Il risultato è che, nonostante il gran dibattere, ancora non è stato trovato un ragionevole compromesso fra le varie ipotesi di soluzione; pertanto i cittadini tutti (soprattutto coloro che come me possiedono un cane) continueranno a perdere il sonno, domandandosi se il voto finale su tale questione sottostarà al vincolo di coalizione oppure sarà lasciata libertà di coscienza e soprattutto come voterà l’on. Binetti.
Mentre nelle aule andava in onda questo dramma canino, nelle stanze più segrete dei palazzi l’on. nonché avvocato di fiducia del presidente del consiglio Ghedini partoriva la sua ennesima perla giuridica, cioè il disegno di legge sul “processo breve”, sulla quale però come al solito evitava di apporre la sua firma e quindi di assumersi la responsabilità, squisitamente politica, di figurare come proponente.
Il disegno di legge, partendo dall’esigenza di parare il culo del presidente del Consiglio dopo la bocciatura del precedente parto di Ghedini, cioè il “lodo Alfano”, esigenza mascherata da sacrosanto diritto di tutti ad essere processati entro tempi ragionevolmente certi, all’art. 2 stabilisce che ciascuno dei tre gradi di giudizio, pena l’estinzione del processo, non può durare più di due anni, a partire dalla formulazione dell’imputazione per il 1° grado e dalla sentenza impugnata per i successivi due gradi (appello e cassazione). Infine, nell’ipotesi in cui la Corte di cassazione annulli una sentenza ordinando un nuovo giudizio di merito, la sentenza irrevocabile dovrà essere pronunciata entro un anno dalla decisione della Corte stessa.

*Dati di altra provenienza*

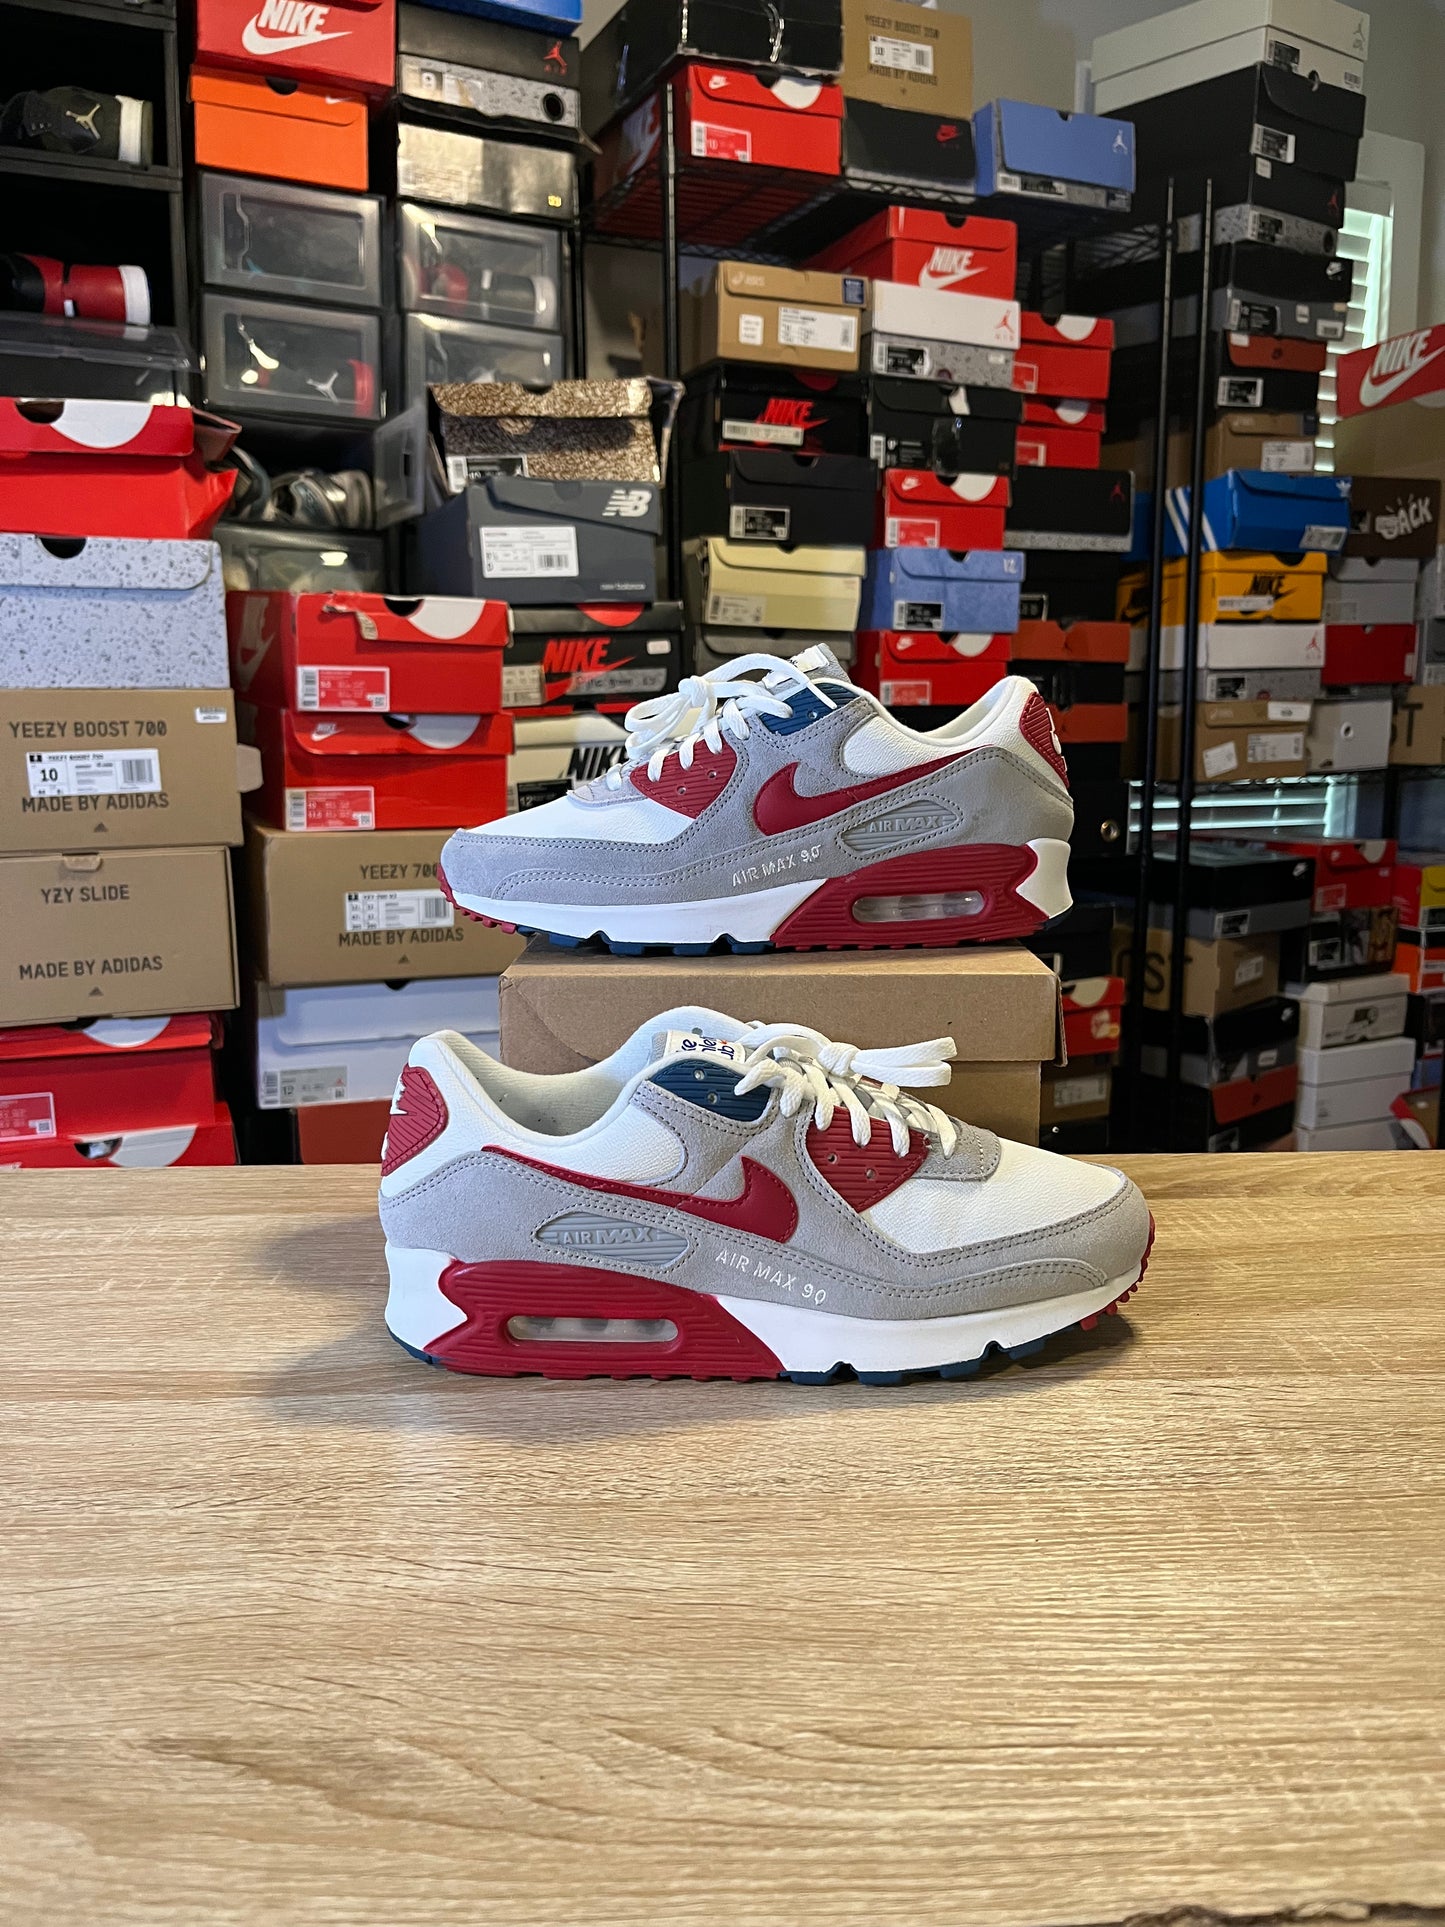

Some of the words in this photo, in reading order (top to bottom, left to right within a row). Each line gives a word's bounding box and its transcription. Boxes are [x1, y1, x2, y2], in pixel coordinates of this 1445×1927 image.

[257, 0, 330, 36] NIKE
[929, 246, 974, 274] NIKE
[1371, 329, 1433, 377] NIKE
[763, 397, 814, 427] NIKE
[544, 638, 611, 674] NIKE
[9, 721, 67, 738] YEEZY
[74, 720, 130, 737] BOOST
[134, 720, 167, 737] 700
[40, 768, 58, 782] 10
[22, 796, 72, 813] MADE
[79, 795, 100, 811] BY
[106, 793, 169, 810] ADIDAS
[869, 820, 892, 833] AIR
[894, 816, 939, 831] MAX
[360, 863, 408, 880] YEEZY
[731, 868, 760, 887] AIR
[761, 854, 797, 876] MAX
[800, 844, 822, 863] 90
[41, 888, 74, 904] YZY
[80, 884, 130, 902] SLIDE
[338, 931, 382, 947] MADE
[386, 930, 406, 945] BY
[410, 928, 464, 943] ADIDAS
[19, 962, 69, 980] MADE
[74, 959, 95, 977] BY
[101, 955, 163, 975] ADIDAS
[563, 1231, 593, 1244] AIR
[596, 1227, 653, 1244] MAX
[715, 1248, 750, 1273] AIR
[753, 1261, 797, 1291] MAX
[801, 1283, 827, 1306] 90
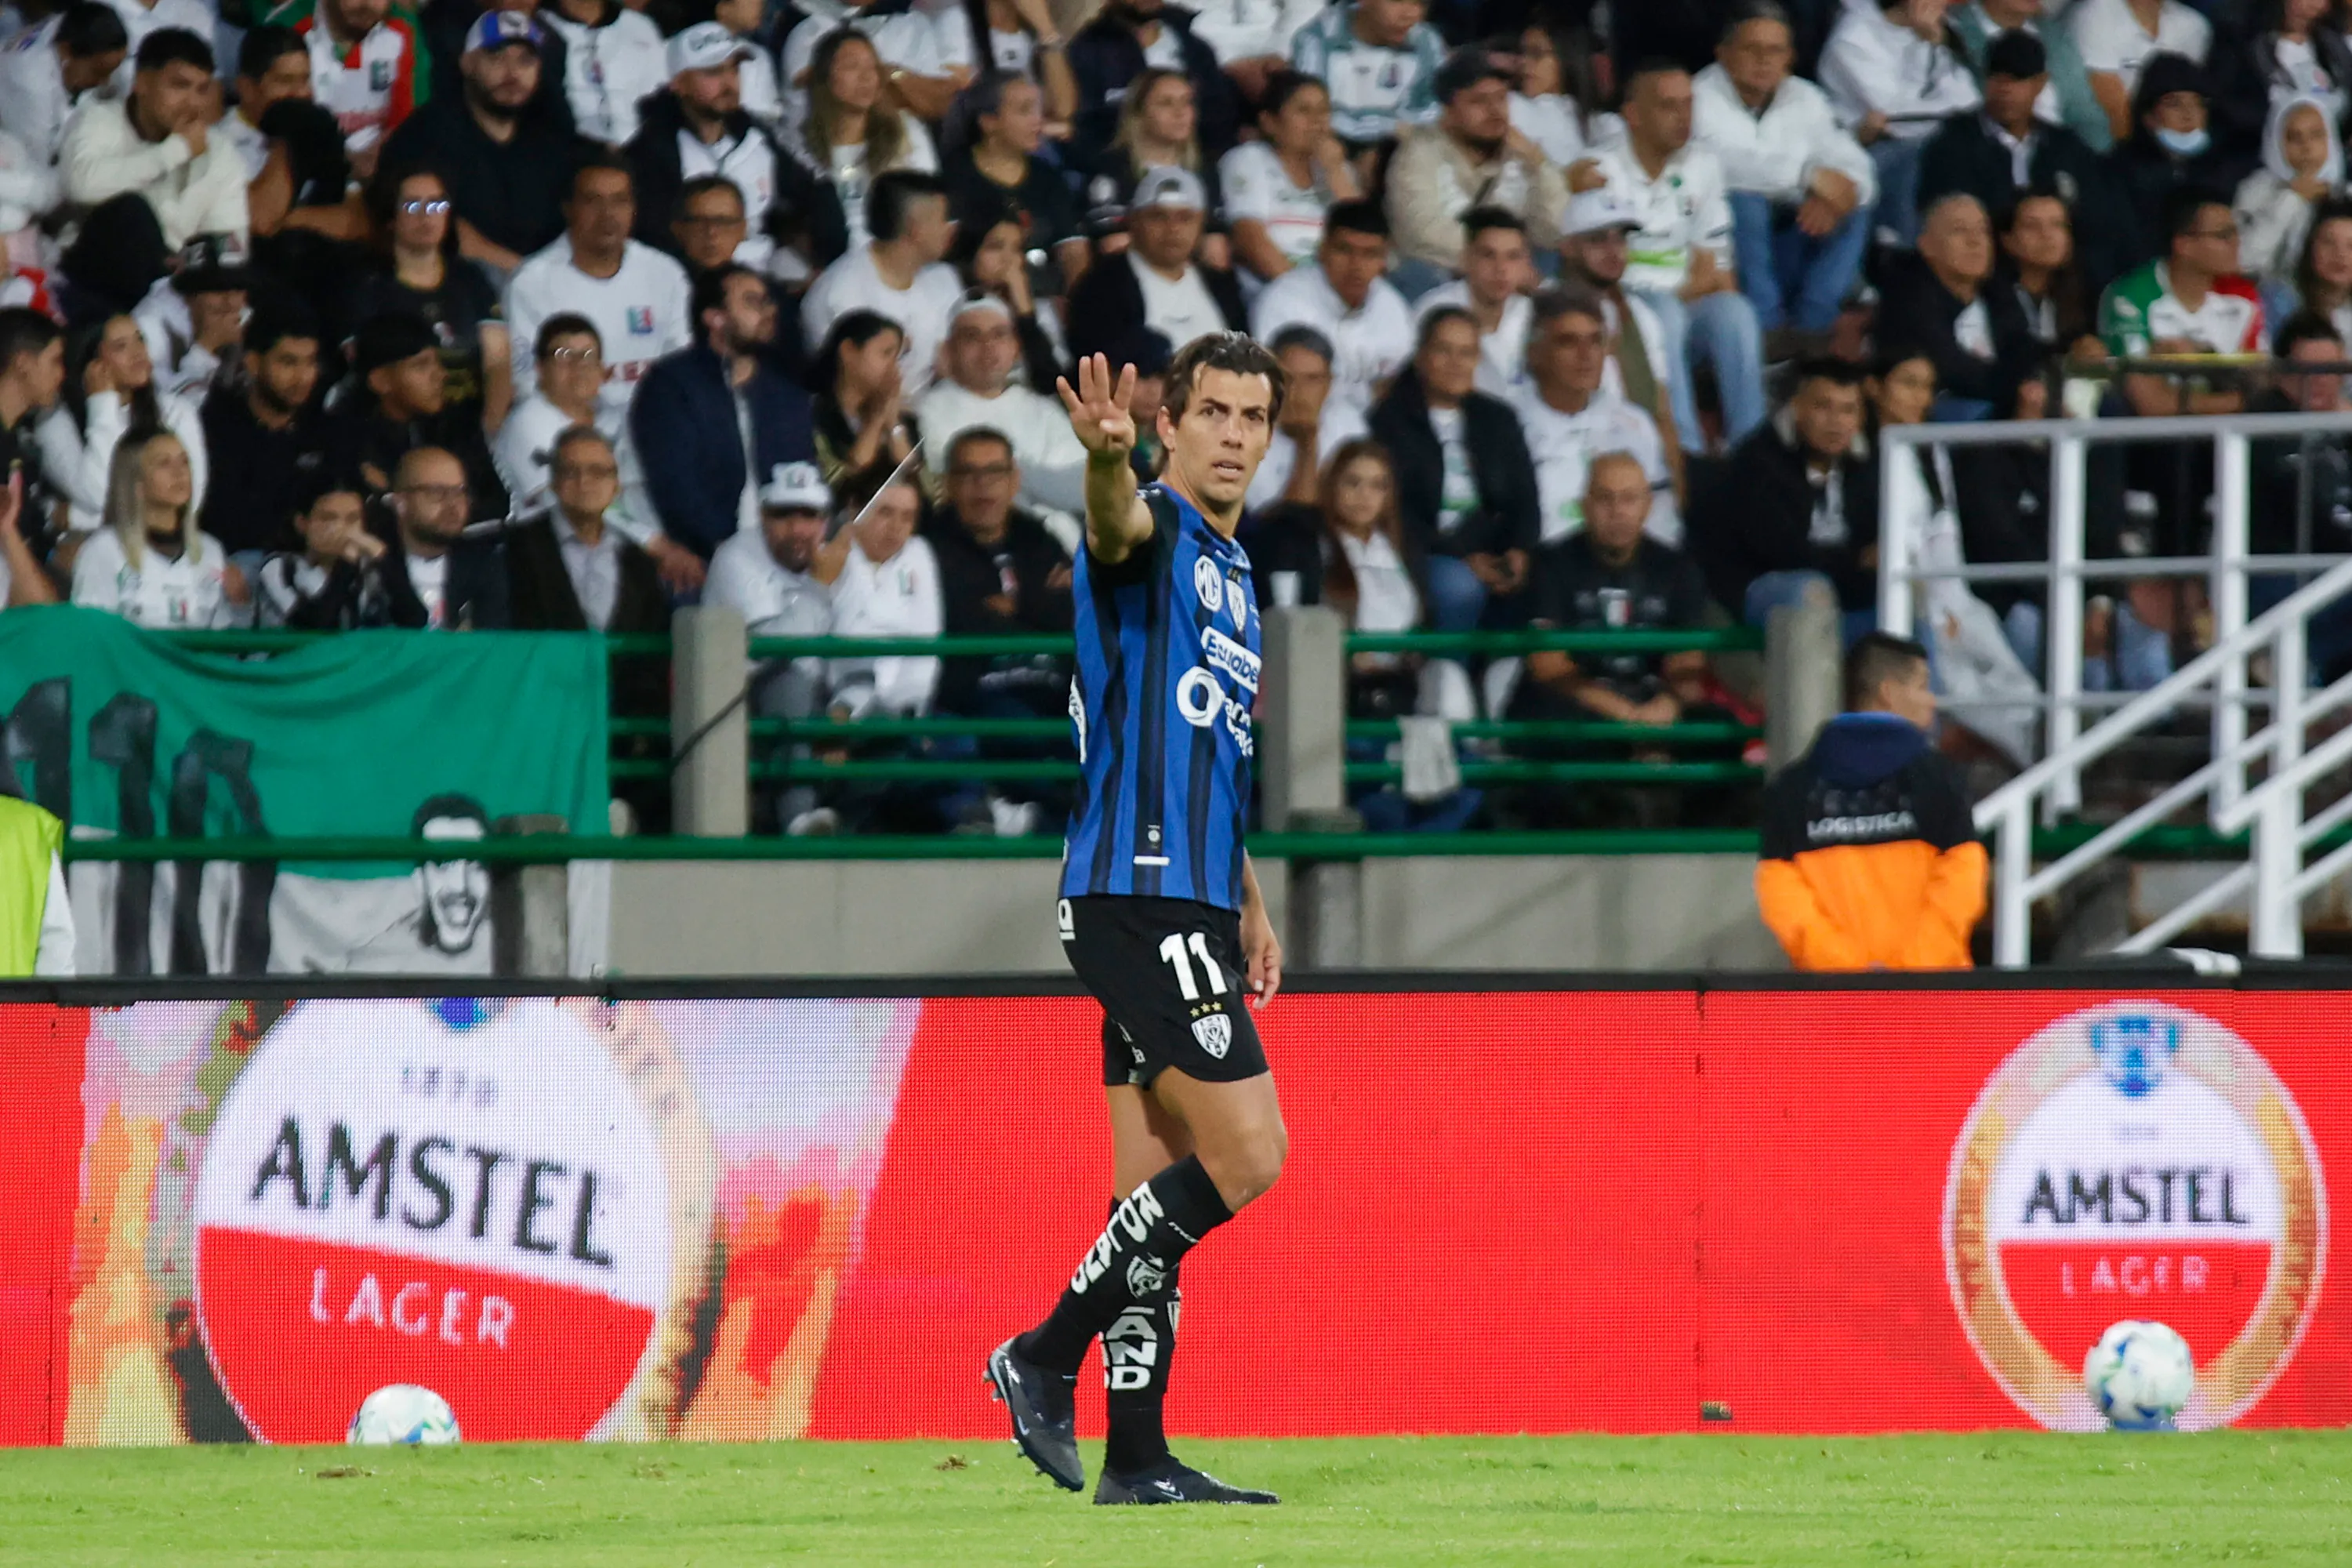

Ben consapevole del fatto che il progetto ha il compito precipuo di estinguere i processi del presidente del Consiglio, il bravo Ghedini ha badato bene ad escludere dalle disposizioni che circoscrivono i tempi di ogni grado di giudizio tutta una serie di reati, individuati in base al criterio di trovare un congruo numero di senatori disposti a metterci la faccia figurando come proponenti di un disegno di legge che non fosse così manifestamente contrario al senso comune di giustizia largamente diffuso non solo fra l’elettorato di centro destra ma anche, almeno in parte, nella cittadinanza tutta.
Sono pertanto esclusi dal contingentamento dei tempi tutti i processi i cui imputati siano recidivi, tutti quelli che abbiano ad oggetto delitti con la pena massima superiore ai 10 anni di reclusione e, a prescindere dall’entità della pena massima, delitti quali, ad esempio, l’associazione a delinquere, l’incendio, la pornografia minorile, il sequestro di persona, il furto in abitazione e lo scippo, i delitti di mafia e terrorismo e il reato di immigrazione clandestina, che non è un delitto ma una contravvenzione sanzionata con ammenda.
Apriti cielo! Una canea infernale sulla irragionevolezza dei criteri di selezione dei reati esclusi dal contingentamento dei tempi processuali, irragionevolezza rimarcata non solo dall’opposizione ma anche da esponenti del centro destra con particolare qualificazione giuridica, come per esempio l’on. avv. Pecorella (Corriere della Sera del 15 novembre 2009), irragionevolezza da correggere in sede di dibattito parlamentare, pena la “mannaia” della Corte Costituzionale.
Tutti sembrano aver dimenticato un “piccolo particolare”: tutti i cittadini sono uguali dinanzi alla legge la Repubblica ha il compito di rimuovere tutti gli ostacoli che limitino, fra l’altro, tale uguaglianza (art. 3 della Costituzione); pertanto il principio del giusto processo (art. 111 della Costituzione), che ricomprende il diritto alla ragionevole certezza dei tempi del processo, vale per tutti.
La Corte Costituzionale, una volta che fosse investita della questione relativa ad una legge che escludesse da tale diritto alcuni reati e quindi alcuni imputati, dovrebbe bocciare la legge sic et simpliciter per violazione del principio di uguaglianza, perché alcuni processi e quindi alcuni reati si estinguerebbero per prescrizione del processo mentre altri per prescrizione del reato, con conseguente disparità di trattamento delle persone coinvolte (indiziati, imputati ed eventuali parti lese), a meno che la Corte non scelga di emettere una sentenza politica, come quella a suo tempo emessa sul “lodo Schifani” che ha consentito a lor signori di riprovarci con il “lodo Alfano”.
Concludo con una domanda al presidente del Consiglio: ma che cosa aspetta a cambiare avvocato?